The new law allows employees to use paid time off under the law for “safe time” in addition to sick time. If an employee or their family members are the victim of domestic violence, a sexual offense, stalking, or human trafficking, the employee can use “safe time”:
- To obtain services from a domestic violence shelter, rape crisis center, or other shelter or services program for relief from a domestic violence matter, sexual offense, stalking, or human trafficking;
- To participate in safety planning, temporarily or permanently relocate, or take other actions to increase the safety of the employee or their family members from further incidents of domestic violence, sexual offenses, stalking, or human trafficking;
- To meet with an attorney or social service provider to obtain information and advice on, and prepare for or participate in any criminal or civil proceeding, including but not limited to, matters related to a domestic violence matter, a sexual offense, stalking, human trafficking, custody, visitation, matrimonial issues, orders of protection, immigration, housing, or discrimination in employment, housing or consumer credit;
- To file a complaint or domestic incident report with law enforcement;
- To meet with a district attorney’s office;
- To enroll children in a new school; or
- To take other actions necessary to maintain, improve, or restore the physical, physiological, or economic health or safety of the employee or their family member, or to protect those who associate or work with the employee.
- Expanded Definition of “Family Member”
Employees can use safe/sick time not only for their own needs, but also if their family member needs care or is the victim of certain offenses. Previously, qualifying family members were limited to spouses, partners, children, parents, siblings, grandchildren and grandparents. Now, the definition of “family member” has been expanded to include “any other individual related by blood to the employee” as well as “any other individual whose close association with the employee is the equivalent of a family relationship.” With that broad definition, employees can use safe/sick time to attend to the health and safety needs of more extended family members, co-habitants, and other close associates.
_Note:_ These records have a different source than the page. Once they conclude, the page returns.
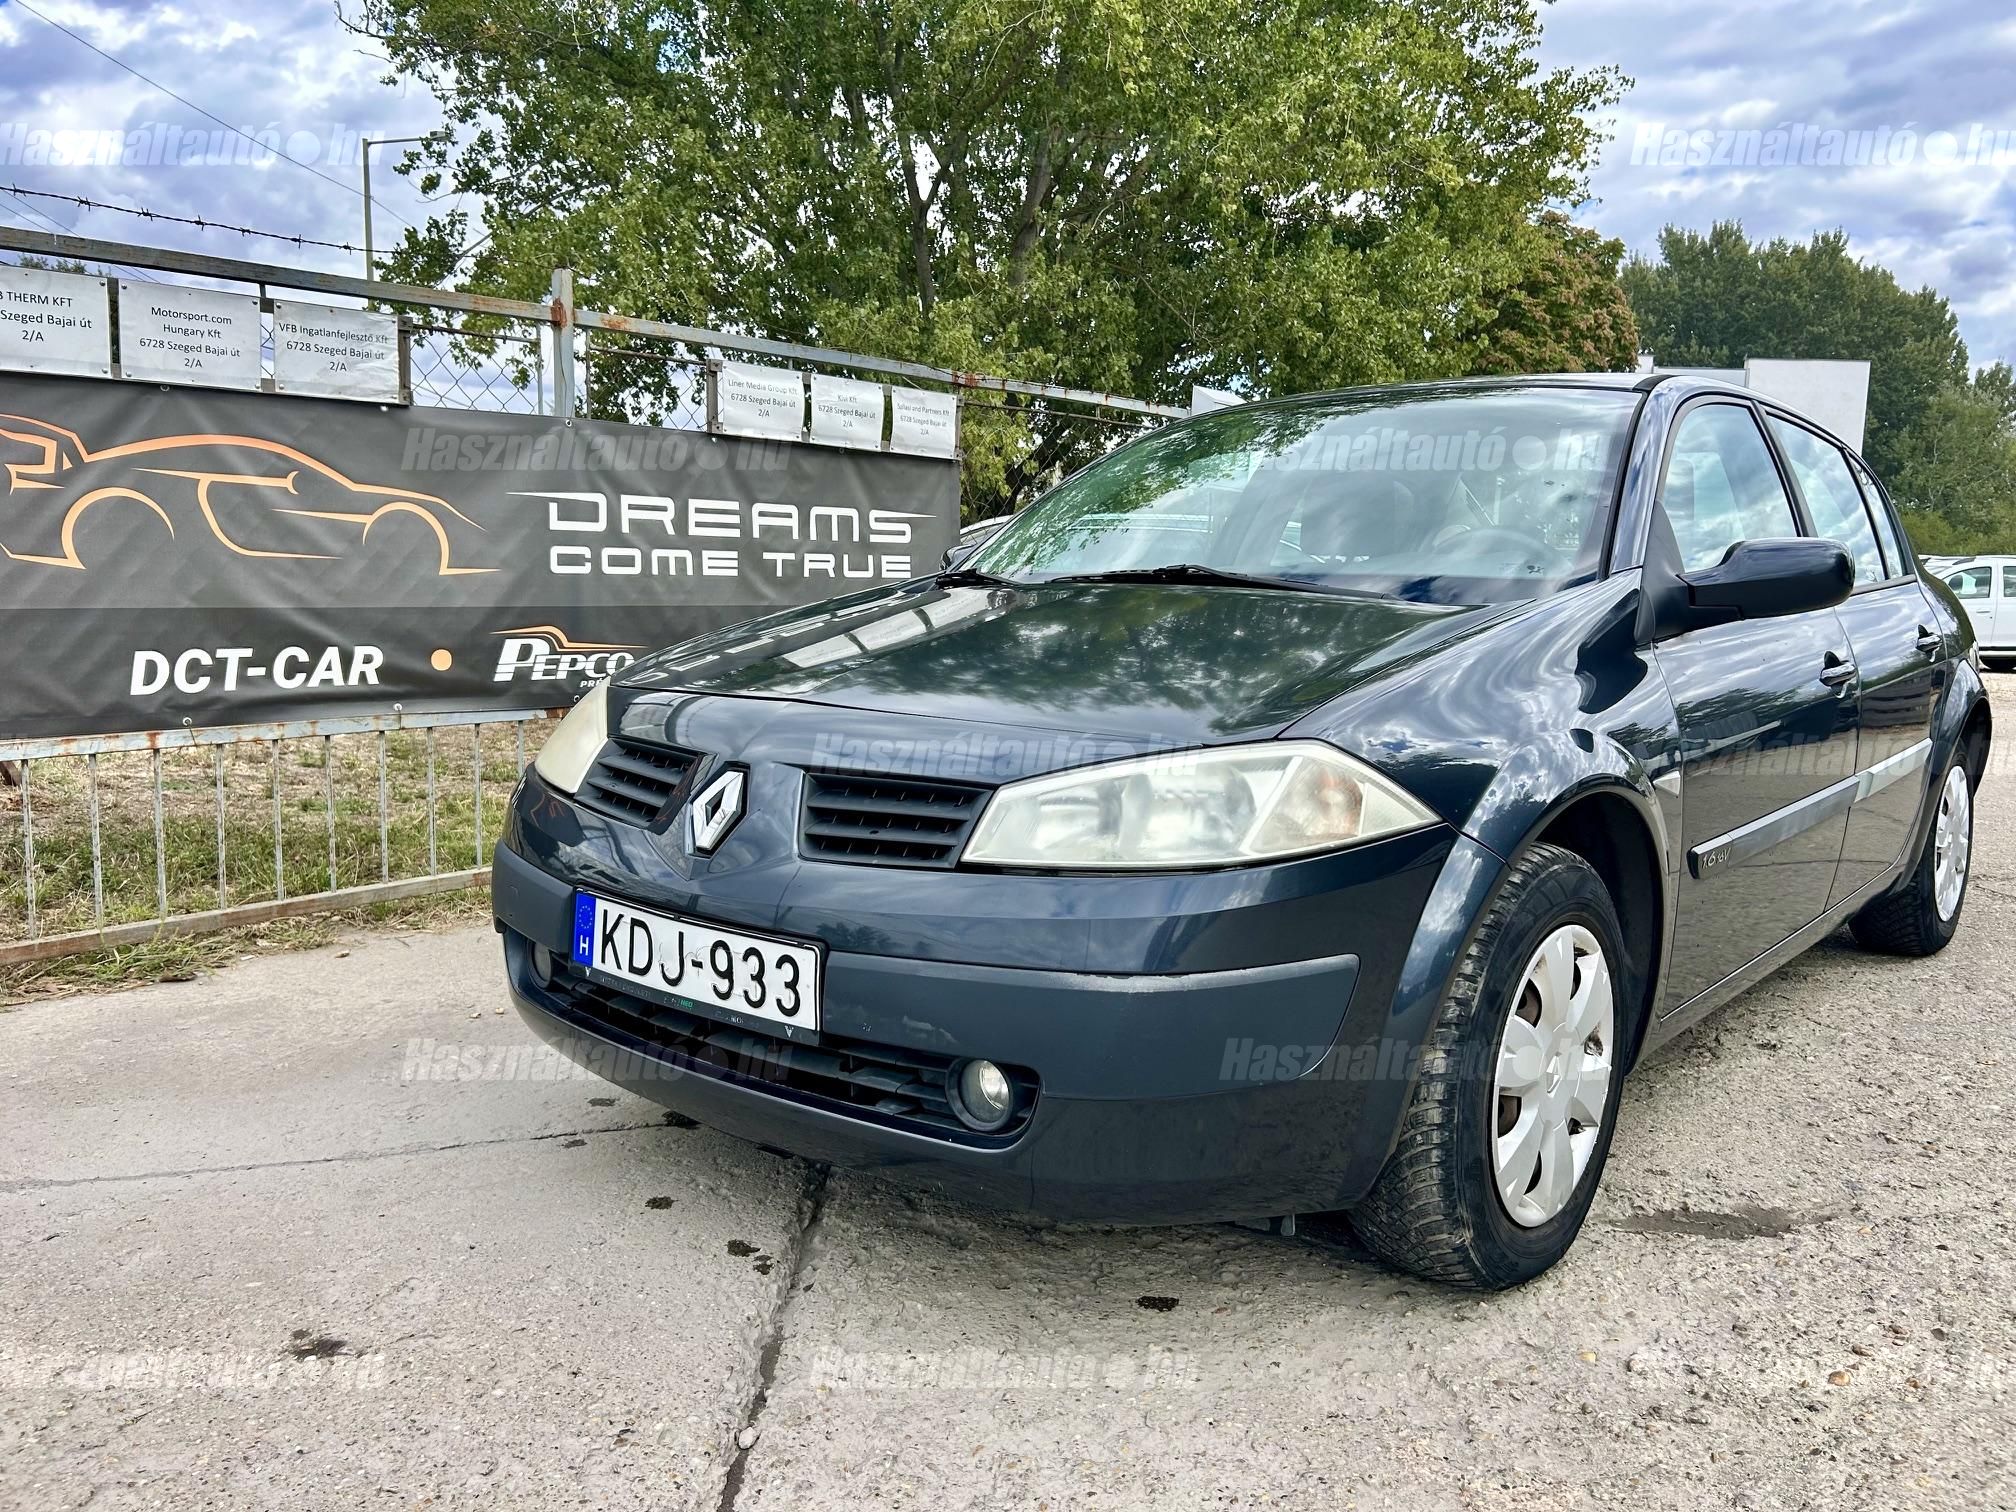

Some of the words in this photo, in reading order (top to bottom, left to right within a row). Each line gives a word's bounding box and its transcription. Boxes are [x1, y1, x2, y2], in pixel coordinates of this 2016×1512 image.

[6, 291, 49, 305] THERM
[52, 296, 73, 307] KFT
[0, 309, 43, 324] Szeged
[47, 314, 76, 328] Bajai
[79, 317, 92, 328] út
[151, 306, 232, 325] Motorsport.com
[22, 329, 44, 342] 2/A
[163, 323, 205, 338] Hungary
[207, 328, 222, 339] Kft
[278, 322, 297, 333] VFB
[299, 325, 374, 342] Ingatlanfejlesztő
[375, 334, 388, 344] Kft
[139, 337, 165, 349] 6728
[167, 340, 202, 354] Szeged
[205, 344, 228, 357] Bajai
[230, 347, 240, 357] út
[286, 340, 312, 352] 6728
[314, 343, 347, 356] Szeged
[349, 347, 372, 359] Bajai
[374, 350, 385, 360] út
[184, 357, 203, 368] 2/A
[329, 361, 347, 372] 2/A
[746, 381, 767, 391] Media
[767, 384, 788, 394] Group
[730, 392, 748, 402] 6728
[748, 395, 772, 406] Szeged
[772, 398, 788, 408] Bajai
[788, 400, 796, 408] út
[758, 408, 770, 418] 2/A
[818, 404, 833, 414] 6728
[834, 406, 854, 417] Szeged
[854, 409, 868, 419] Bajai
[842, 419, 854, 428] 2/A
[506, 492, 937, 544] DREAMS
[549, 545, 739, 577] COME
[762, 551, 912, 579] TRUE
[130, 645, 384, 696] DCT-CAR
[579, 935, 590, 956] H
[600, 909, 801, 1017] KDJ-933
- Verification of “Safe Time”
Employers can still require “reasonable documentation” if an employee uses safe/sick time for more than three consecutive workdays. For sick time uses, employers can still require the documentation be signed by a licensed health care provider. For safe time uses, employers must accept a wider range of documentation, which falls into three categories:
- documents signed by victims’ service organizations, attorneys, clergy, or medical professionals;
- police or court records;
- a notarized letter from the employee explaining the need.
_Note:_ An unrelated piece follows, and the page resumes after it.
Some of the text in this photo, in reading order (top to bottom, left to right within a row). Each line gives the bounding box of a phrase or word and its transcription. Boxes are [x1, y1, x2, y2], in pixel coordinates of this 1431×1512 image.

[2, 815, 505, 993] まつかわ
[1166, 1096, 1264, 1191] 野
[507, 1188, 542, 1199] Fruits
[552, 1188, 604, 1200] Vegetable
An employer cannot require that the documentation specify the details of the issues giving rise to the need for safe/sick time.
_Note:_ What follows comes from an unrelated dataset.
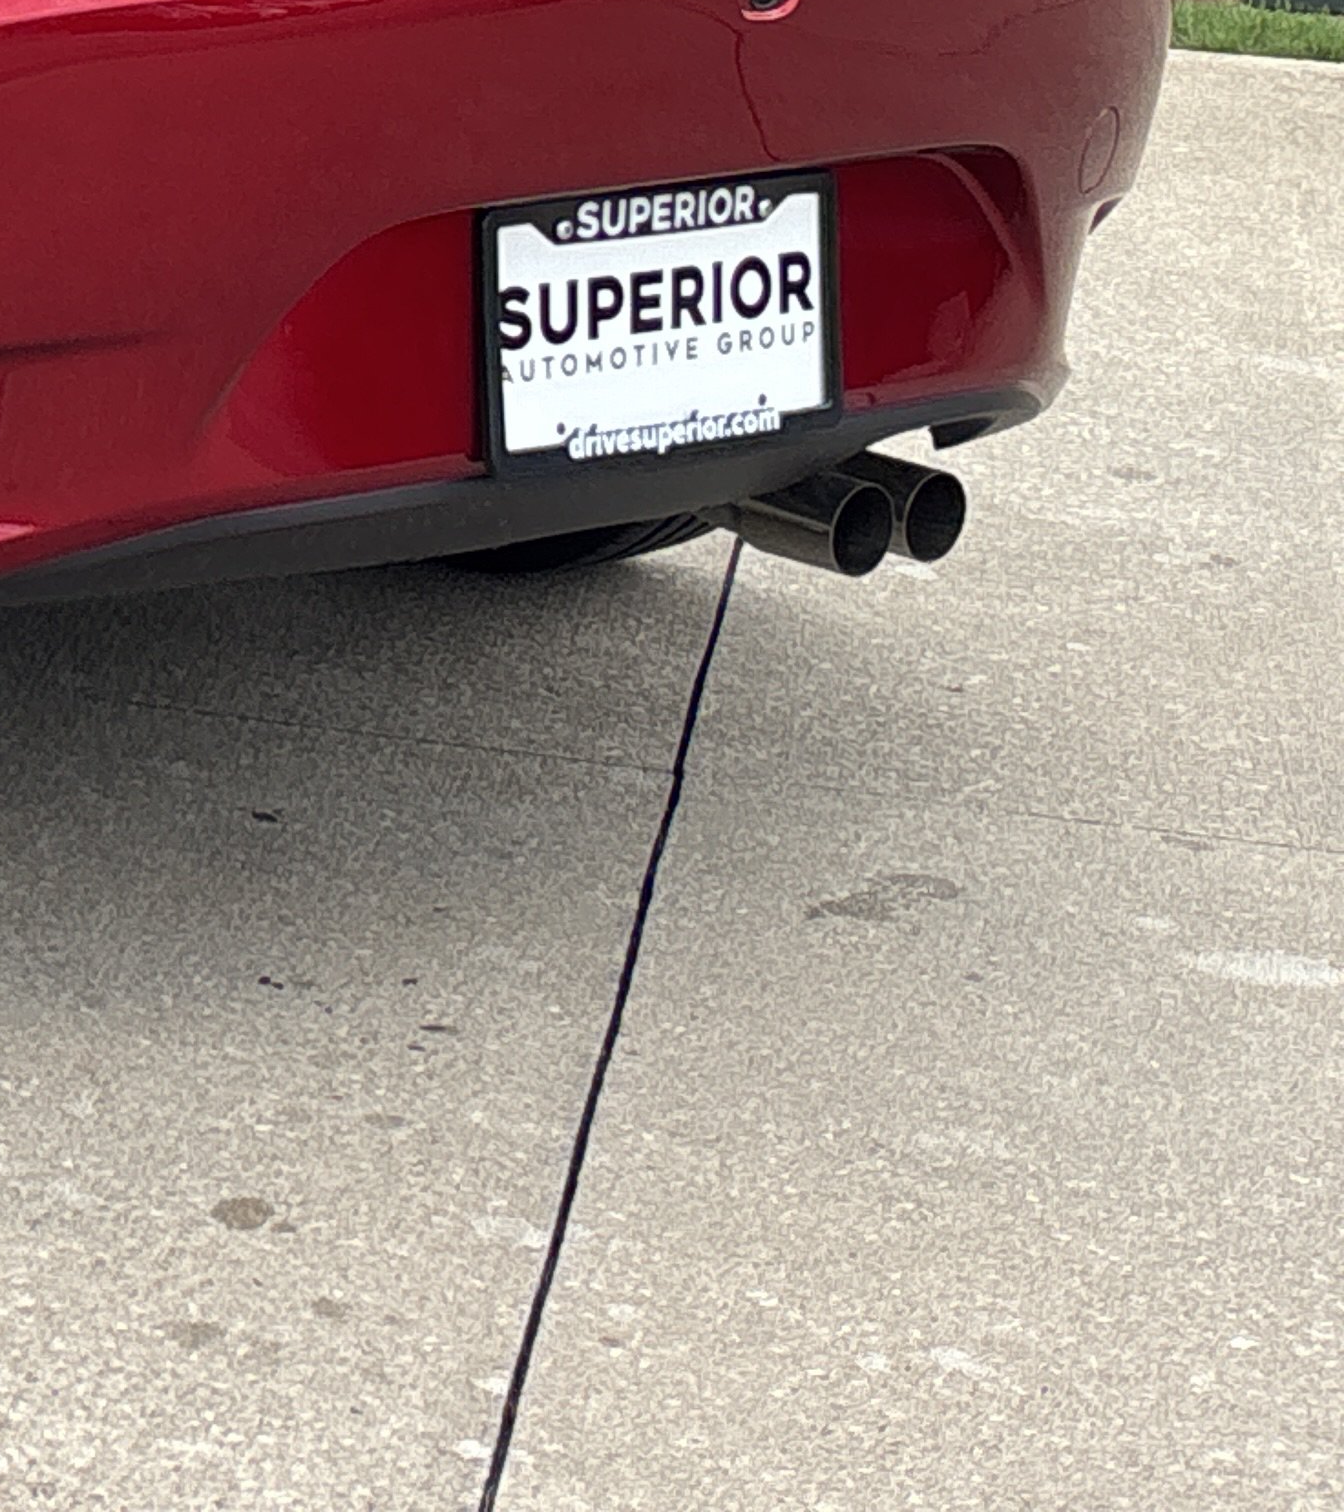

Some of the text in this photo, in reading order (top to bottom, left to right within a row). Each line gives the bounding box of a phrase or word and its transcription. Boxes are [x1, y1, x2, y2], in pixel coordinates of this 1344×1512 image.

- New Employee Notices Required by June 4, 2018
The “Notice of Employee Rights” issued by the NYC Department of Consumer Affairs (DCA) must be given to all employees at their time of hire. The Notice has been updated to reflect the recent changes. In addition, the law requires that all employees, even those who have previously received a Notice, receive the updated Notice by June 4, 2018.
The updated Notice is available in multiple languages at DCA’s website http://www1.nyc.gov/site/dca/about/paid-sick-leave-law.page. The notice must be given to employees in their primary language, if available on DCA’s website.
Employers’ Bottom Line: The new requirements of ESSTA require employers to immediately update their policies and distribute new notices. DCA is already heavily auditing employers for compliance. Employers should consult with attorneys to make necessary revisions.